Procédures devant la cour
I- Par une requête enregistrée le 24 juillet 2020, Mme H... épouse G..., représentée par Me D..., demande à la cour :
1°) d'annuler le jugement n° 1908136 du 19 février 2020 ;
2°) d'annuler l'arrêté du 21 octobre 2019 par lequel le préfet de l'Ardèche a refusé de lui délivrer un titre de séjour, l'a obligée à quitter le territoire français sans délai, a pris à son encontre une interdiction de retour sur le territoire français d'une durée de trente-six mois et a fixé le pays à destination duquel elle pourra être reconduite d'office ;
3°) d'annuler l'arrêté du 13 février 2020 par lequel le préfet de l'Ardèche l'a assignée à résidence ;
4°) d'enjoindre au préfet de l'Ardèche de lui délivrer une autorisation provisoire de séjour dans un délai de 15 jours à compter de la notification de l'arrêt, jusqu'au réexamen de son droit au séjour et de faire procéder à l'effacement du signalement au fin de non-admission dans le système d'information Schengen et ce, sous astreinte de 100 euros par jour de retard ;
5°) de mettre à la charge de l'Etat, à payer à son conseil, la somme de 1 500 euros au titre des articles L. 761-1 du code de justice administrative et 37 de la loi du 10 juillet 1991, à charge pour ce dernier de renoncer à percevoir la part contributive de l'Etat à sa mission d'aide juridictionnelle.
Elle soutient que :
- l'obligation de quitter le territoire français se fonde sur une décision portant refus de titre de séjour elle-même illégale ; en effet, le préfet n'a pas procédé à l'examen complet de sa demande en refusant de lui délivrer un titre de séjour sur le fondement de l'article L. 313-14 du code de l'entrée et du séjour des étrangers et du droit d'asile sans examiner la demande de son mari d'être régularisé au titre du travail ;
- les décisions portant refus de titre de séjour, obligation de quitter le territoire français sans délai de départ volontaire et interdiction de retour sur le territoire français portent une atteinte disproportionnée à son droit au respect de sa vie privée et familiale et sont entachées d'erreur manifeste d'appréciation ;
- les décisions portant obligation de quitter le territoire français et interdiction de retour sur le territoire français méconnaissent les stipulations de l'article 3-1 de la convention internationale des droits de l'enfant ;
- l'interdiction de retour sur le territoire français pour une durée de trois ans est entachée d'erreur manifeste d'appréciation tant dans son principe que dans sa durée ;
- l'assignation à résidence est illégale du fait de l'illégalité des autres décisions.
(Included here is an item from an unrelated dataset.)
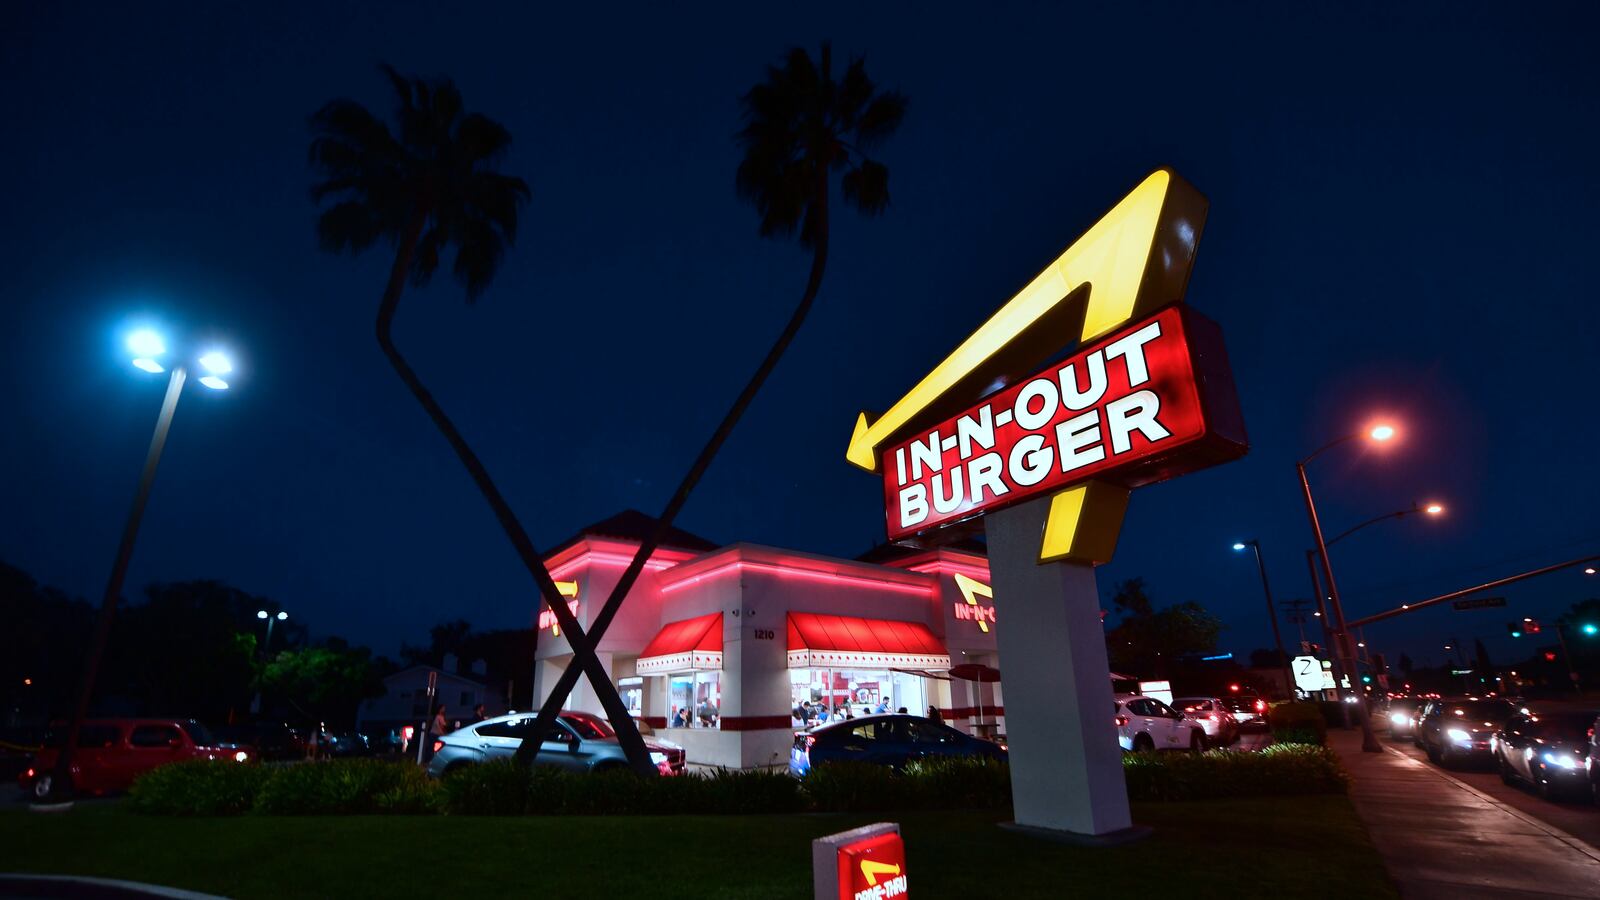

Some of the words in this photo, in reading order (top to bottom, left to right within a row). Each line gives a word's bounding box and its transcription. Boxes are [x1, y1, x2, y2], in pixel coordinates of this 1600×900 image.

[896, 321, 1162, 486] IN-N-OUT
[898, 389, 1173, 528] BURGER
[754, 629, 775, 641] 1210
Le préfet de l'Ardèche, auquel la requête a été communiquée, n'a pas produit de mémoire.
Mme H... épouse G... a été admise au bénéfice de l'aide juridictionnelle totale par une décision du 22 juillet 2020.
II- Par une requête enregistrée le 24 juillet 2020, M. G..., représenté par Me D..., demande à la cour :
1°) d'annuler le jugement n° 1908134 du 19 février 2020 ;
2°) d'annuler l'arrêté du 21 octobre 2019 par lequel le préfet de l'Ardèche a refusé de lui délivrer un titre de séjour, l'a obligé à quitter le territoire français sans délai, a pris à son encontre une interdiction de retour sur le territoire français d'une durée de trente-six mois et a fixé le pays à destination duquel il pourra être reconduite d'office ;
3°) d'annuler l'arrêté du 15 février 2020 par lequel le préfet de l'Ardèche l'a assigné à résidence ;
4°) d'enjoindre au préfet de l'Ardèche de lui délivrer une autorisation provisoire de séjour dans un délai de 15 jours à compter de la notification de l'arrêt, jusqu'au réexamen de son droit au séjour et de faire procéder à l'effacement du signalement au fin de non-admission dans le système d'information Schengen et ce, sous astreinte de 100 euros par jour de retard ;
5°) de mettre à la charge de l'Etat, à payer à son conseil, la somme de 1 500 euros au titre des articles L. 761-1 du code de justice administrative et 37 de la loi du 10 juillet 1991, à charge pour ce dernier de renoncer à percevoir la part contributive de l'Etat à sa mission d'aide juridictionnelle.
Il soutient que :
- l'obligation de quitter le territoire français se fonde sur une décision portant refus de titre de séjour elle-même illégale ; en effet, le préfet n'a pas procédé à l'examen complet de sa demande en refusant de lui délivrer un titre de séjour sur le fondement de l'article L. 313-14 du code de l'entrée et du séjour des étrangers et du droit d'asile sans examiner sa demande au titre du travail ;
- les décisions portant refus de titre de séjour, obligation de quitter le territoire français sans délai de départ volontaire et interdiction de retour sur le territoire français portent une atteinte disproportionnée à son droit au respect de sa vie privée et familiale et sont entachées d'erreur manifeste d'appréciation ;
- les décisions portant obligation de quitter le territoire français et interdiction de retour sur le territoire français méconnaissent les stipulations de l'article 3-1 de la convention internationale des droits de l'enfant ;
- l'interdiction de retour sur le territoire français pour une durée de trois ans est entachée d'une erreur manifeste d'appréciation tant dans son principe que dans sa durée ;
- l'assignation à résidence est illégale du fait de l'illégalité des autres décisions.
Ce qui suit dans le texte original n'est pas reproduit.